Part 7: How Healthcare Gets Paid Changes How It’s Organized
ACOs, Medicare Advantage, Medicaid MCOs, Risk-Bearing Providers, and Bundled Payments
Every organizational model we’ve covered so far describes how care is delivered. This section is about how care is paid for — and the structures that sit on top of delivery to manage financial risk.
The shift from fee-for-service (do more, earn more) to value-based care (keep people healthy, earn more) is the defining transformation in American healthcare. But “value-based care” isn’t one thing. It’s a spectrum of payment models, each creating different incentive structures.
ACOs (MSSP) — About 480 groups of providers that share savings (or losses) with Medicare based on whether they keep costs below a benchmark while meeting quality targets. The gentlest form of risk. Think of it as fee-for-service with a year-end bonus or penalty.
ACO REACH — The aggressive version. Capitation-like payments within traditional Medicare. Allows non-provider entities (insurance companies, PE-backed firms) to participate. Politically contentious — critics call it backdoor privatization of Medicare.

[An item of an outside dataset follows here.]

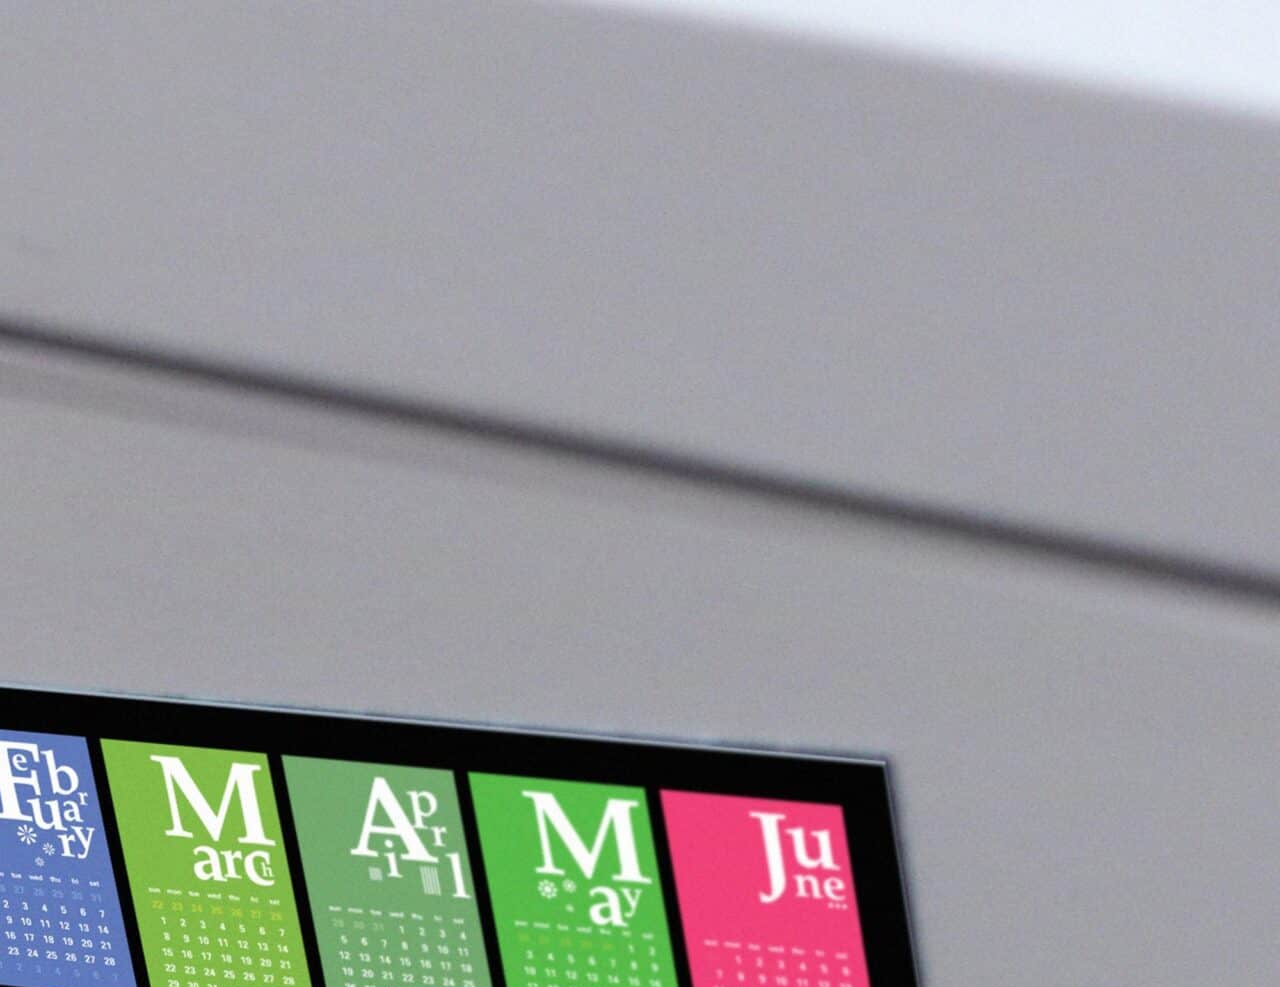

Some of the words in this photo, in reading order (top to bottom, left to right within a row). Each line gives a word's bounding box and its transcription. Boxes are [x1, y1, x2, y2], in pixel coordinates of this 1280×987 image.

Medicare Advantage — Private insurance plans that receive a fixed monthly payment from Medicare to cover everything for enrolled beneficiaries. Over 50% of Medicare beneficiaries are now in MA. When a health system owns its own MA plan (Kaiser, UPMC, Geisinger), it controls both the premium dollar and the care delivery.
Medicaid Managed Care Organizations (MCOs) — The Medicaid equivalent of MA. Over 70% of Medicaid beneficiaries are in managed care. Centene and Molina are the largest. Unlike MA (which CMS runs nationally), every state designs its own Medicaid program, creating 50+ different rule sets.
Risk-Bearing Provider Organizations — Any provider group that accepts a fixed payment from a payer and manages total cost of care for a population. If they spend less than the payment, they keep the surplus. If they spend more, they eat the loss. This is the endpoint of value-based care.
Bundled Payment Participants (BPCI-A) — A single payment covers an entire episode of care — say, a hip replacement plus 90 days of recovery. The hospital is accountable for everything that happens during those 90 days, including whether the patient ends up at a cheap rehab vs. an expensive nursing home.
The Layering Effect
These payment models don’t replace the organizational structures from earlier sections — they layer on top. A CIN might participate in an ACO. An IDN might own an MA plan. An IPA might function as a risk-bearing entity. A community hospital might participate in bundled payments.
This layering is why healthcare organizational charts look like spaghetti. It’s not poor design — it’s the natural consequence of overlapping payment and delivery structures.